Samson Tanimawo

Posted on Apr 15

3am Incident Response: What I Learned from 200+ Pages

#sre #incidents #oncall #devops

The First 5 Minutes Matter Most

I've been paged over 200 times in my career. The pattern is always the same: the first 5 minutes determine whether you resolve in 15 minutes or 3 hours.

Here's what I've learned.

The 3am Brain Problem

At 3am, your cognitive function is roughly 50% of normal. You're making decisions about production systems with half a brain. That's terrifying.

The solution isn't caffeine. It's preparation.

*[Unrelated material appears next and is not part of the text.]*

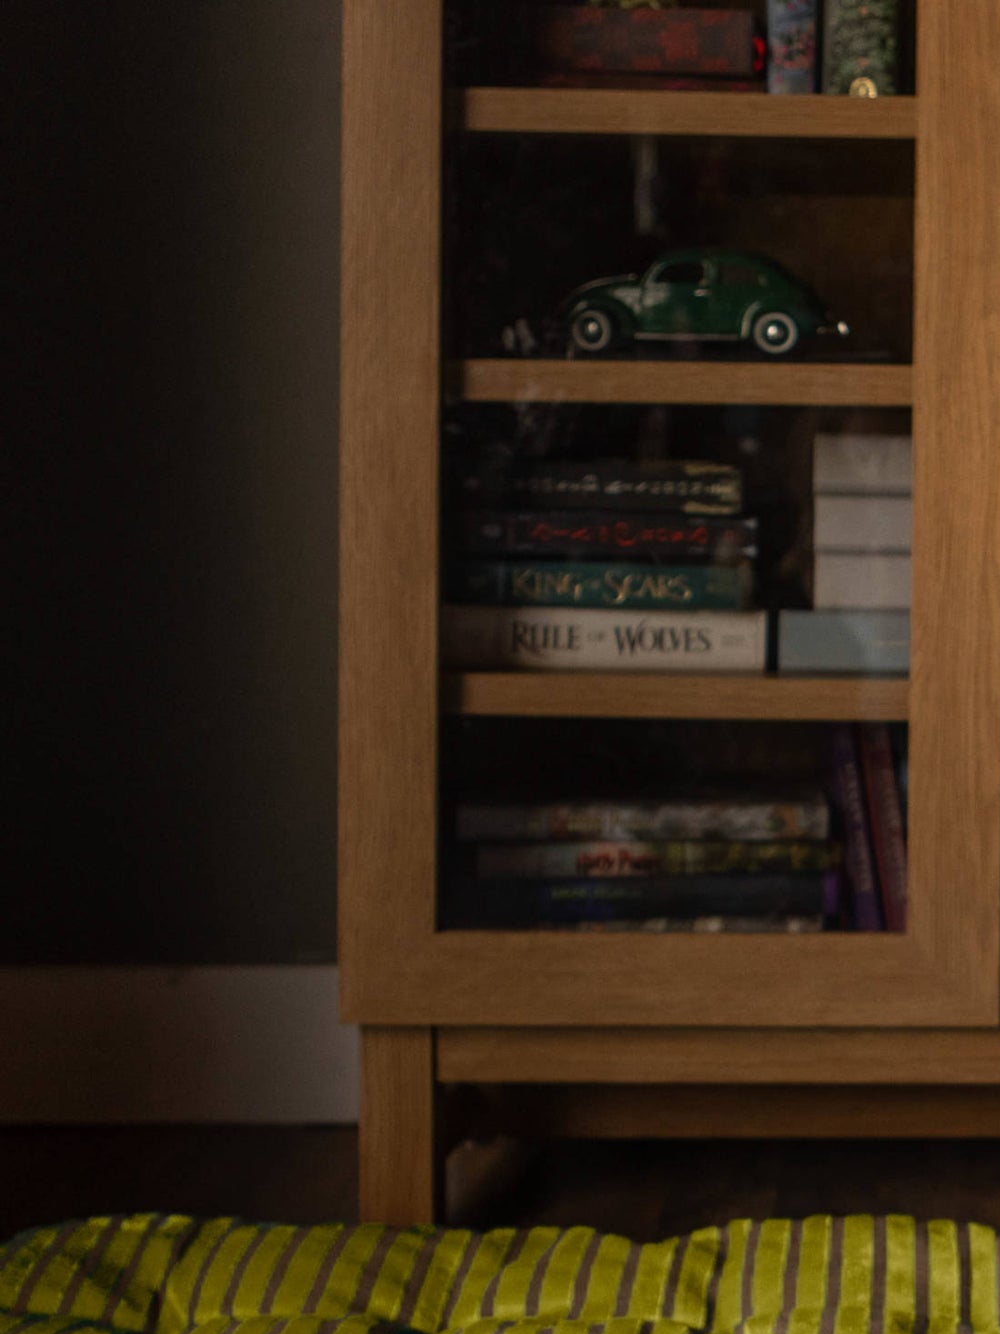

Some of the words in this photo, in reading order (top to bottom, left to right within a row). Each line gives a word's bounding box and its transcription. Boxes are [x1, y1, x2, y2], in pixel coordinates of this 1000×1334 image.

[512, 568, 582, 601] KING
[604, 569, 693, 604] SCARS
[511, 619, 580, 656] RULE
[614, 616, 712, 657] WOLVES

My Incident Response Template

Every time I get paged, I follow the same script. No thinking required:

## STEP 1: ASSESS (0-2 minutes)
- [ ] Read the alert summary
- [ ] Check: Is this customer-facing?
- [ ] Check: Is this data-loss risk?
- [ ] Open the relevant dashboard

## STEP 2: SCOPE (2-5 minutes)
- [ ] When did it start? (check the graph)
- [ ] What changed? (check deploy log)
- [ ] Who else is affected? (check dependent services)
- [ ] Is it getting worse or stable?

## STEP 3: ACT (5+ minutes)
- If deploy-related → rollback
- If traffic-related → scale up
- If dependency-related → check status page
- If unknown → engage secondary on-call

Pattern: 70% of 3am Pages Are Deploy-Related

After tracking root causes for a year, the data was clear:

Deploy-related:      70%
Traffic spike:       12%
Dependency failure:   8%
Infrastructure:       6%
Truly unknown:        4%

This means your first question at 3am should always be: "What deployed in the last 6 hours?"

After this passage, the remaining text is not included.